◆ **Exercise goal**
Without including any pictures, write out all the records word for word.

◆ **Free-text object descriptions**

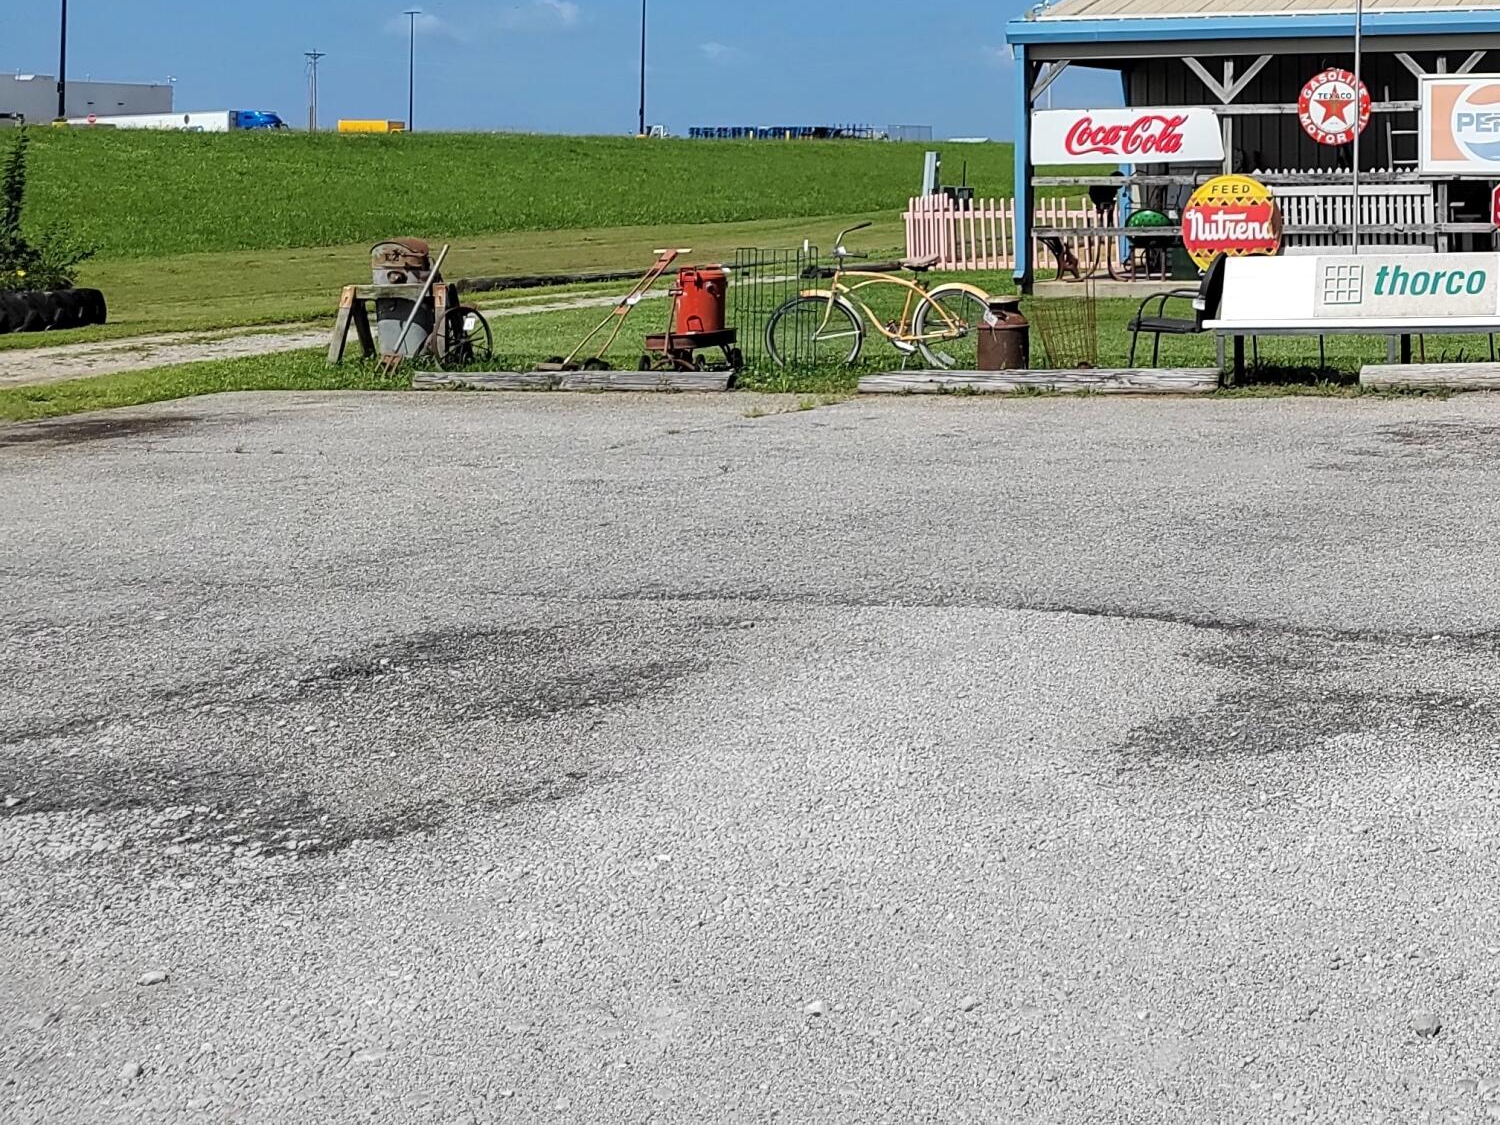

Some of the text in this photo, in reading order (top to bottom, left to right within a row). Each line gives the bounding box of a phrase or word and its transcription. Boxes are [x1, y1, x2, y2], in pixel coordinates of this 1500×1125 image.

[1317, 92, 1352, 100] TEXACO
[1065, 114, 1189, 156] Coca-Cola
[1300, 113, 1348, 144] MOTOR
[1211, 184, 1251, 195] FEED
[1374, 264, 1487, 296] thorco
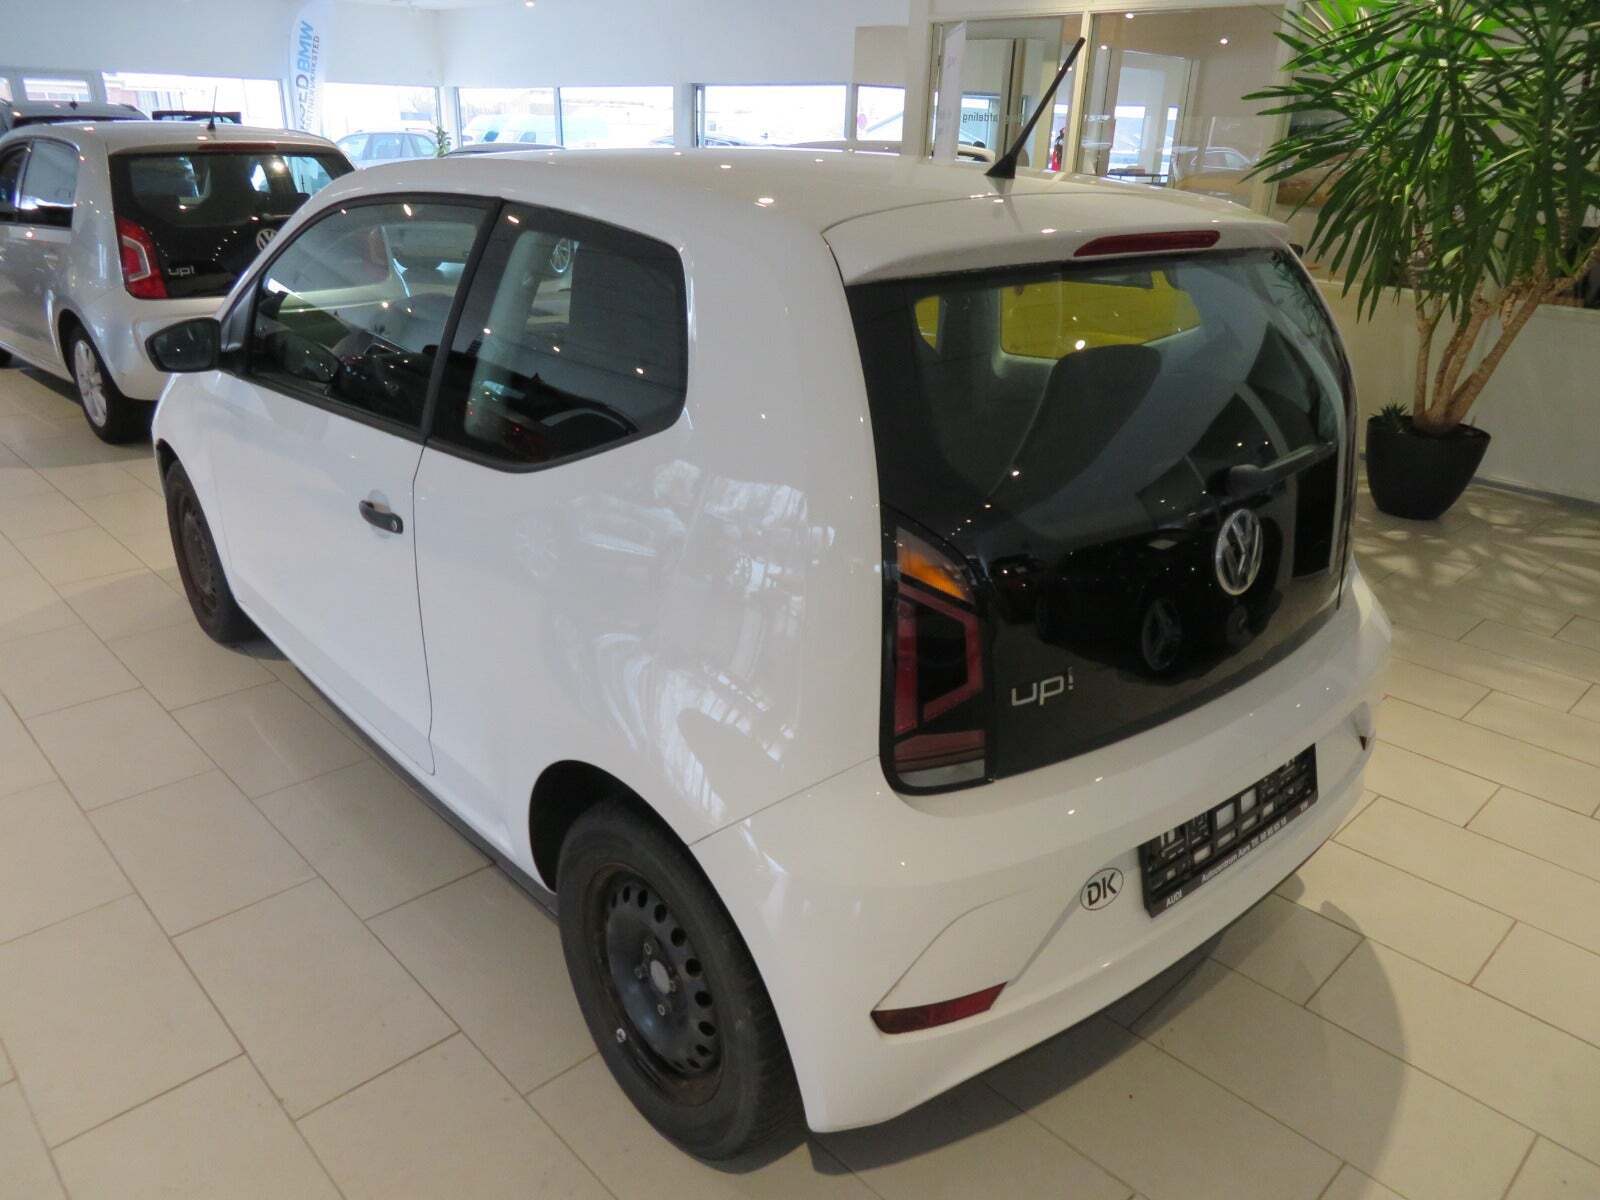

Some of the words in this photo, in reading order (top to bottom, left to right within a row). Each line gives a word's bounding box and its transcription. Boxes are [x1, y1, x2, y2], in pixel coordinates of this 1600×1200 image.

[297, 20, 313, 72] BMW
[1011, 667, 1074, 706] up!
[1087, 872, 1117, 906] DK
[1166, 888, 1182, 907] AUDI

◆ **Task output**
Some of the text in this photo, in reading order (top to bottom, left to right within a row). Each line gives the bounding box of a phrase or word and its transcription. Boxes are [x1, y1, x2, y2], in pixel coordinates of this 1500×1125 image.

[1317, 92, 1352, 100] TEXACO
[1065, 114, 1189, 156] Coca-Cola
[1300, 113, 1348, 144] MOTOR
[1211, 184, 1251, 195] FEED
[1374, 264, 1487, 296] thorco

Some of the words in this photo, in reading order (top to bottom, left to right within a row). Each line gives a word's bounding box and its transcription. Boxes are [x1, y1, x2, y2], in pixel coordinates of this 1600×1200 image.

[297, 20, 313, 72] BMW
[1011, 667, 1074, 706] up!
[1087, 872, 1117, 906] DK
[1166, 888, 1182, 907] AUDI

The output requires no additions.